Le tue storie di fantascienza si muovono in ambientazioni e atmosfere tradizionali. Qual è la chiave per renderle così attuali?

Il mio modo di scrivere fantascienza è fortemente influenzato da scrittori come Isaac Asimov, Cyril Kornbluth e Alfred Bester: non è sorprendente che le atmosfere che creo siano tradizionali. Non sono sicuro di fare coscientemente qualcosa che le renda tali, se non l'applicare i principi della fantascienza tradizionale a idee del ventunesimo secolo. In particolare mi piace scrivere il tipo di fantascienza che mi piacerebbe leggere, e qualunque capacità io abbia nel far questo deriva dal mio entusiasmo nell'immaginare quanto mi divertirei a leggere una storia simile a quella che sto scrivendo.

Cosa pensi dell'attuale stato della fantascienza? Quali sono le caratteristiche più interessanti, oggi? 

Credo che ci troviamo in un nuovo periodo d'oro per la fantascienza di breve formato, in parte grazie alla capacità di renderla disponibile più velocemente in formato elettronico. In aggiunta alle tre principali riviste di genere (Analog, Asimov's e F&SF [negli Stati Uniti, N.d.R.]) - tutte e tre disponibili in diversi formati elettronici - esiste una grande varietà di nuove testate: Lightspeed, Clarkesworld, Daily SF, InterGalactic Medicine Show, Apex Magazine, Interzone, e Strange Horizons, solo per nominarne alcune. Grazie a loro un numero davvero ampio di storie viene pubblicato ogni mese, e molte di loro sono veramente belle.
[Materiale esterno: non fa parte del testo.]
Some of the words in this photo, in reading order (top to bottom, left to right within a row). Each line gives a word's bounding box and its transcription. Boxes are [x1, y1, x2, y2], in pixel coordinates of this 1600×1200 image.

Quest'anno i nominati al Nebula nelle categorie per la short fiction sono così forti che è davvero difficile scegliere tra loro.
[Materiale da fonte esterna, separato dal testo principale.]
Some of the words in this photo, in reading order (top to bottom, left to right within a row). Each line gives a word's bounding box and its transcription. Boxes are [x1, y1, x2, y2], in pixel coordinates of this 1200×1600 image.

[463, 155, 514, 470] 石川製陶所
Vedo succedere tre cose nella narrativa di fantascienza contemporanea che mi sembra importante considerare: alcuni scrittori stanno compiendo molti sforzi per affermare la componente scientifica nei loro racconti, e questa tendenza è ciò che intendiamo di solito con "hard science fiction". Gli scrittori che lavorano su questo oggi stanno facendo davvero un buon lavoro, a mio avviso. Ci sono poi degli altri scrittori che sfidano la vecchia idea di fantascienza, cosa che credo sia di vitale importanza, nonostante io sia un grande appassionato dell'età dell'oro degli anni Quaranta. Questo è il modo in cui la fantascienza continua a vivere ed evolvere. È successo molte volte, nel corso della storia del genere e succede anche oggi. Infine abbiamo la possibilità di vedere davvero una grande varietà di stili di scrittura, e anche questo è un aspetto molto positivo.

Mi piacerebbe che ci dessi i tuoi migliori consigli di lettura. Sceglieresti tre titoli imperdibili?

  1. Trilogia della Fondazione, di Isaac Asimov
  2. Oltre Apollo di Barry N. Malzberg
  3. Blackout/All Clear di Connie Willis

Tre consigli per scrivere bene:

  1. Fare pratica, pratica e ancora pratica. A meno che non si abbia davvero un talento naturale, l'unico modo per diventare bravi sul serio è, come sempre, allenarsi.
  2. Leggere quanto più si può del proprio genere. Prima di trasgredire le regole ed essere innovativi, le regole bisogna conoscerle.
  3. Divertirsi! Diciamolo forte e chiaro: non è questo l'unico scopo, alla fine? Scrivete perché amate scrivere.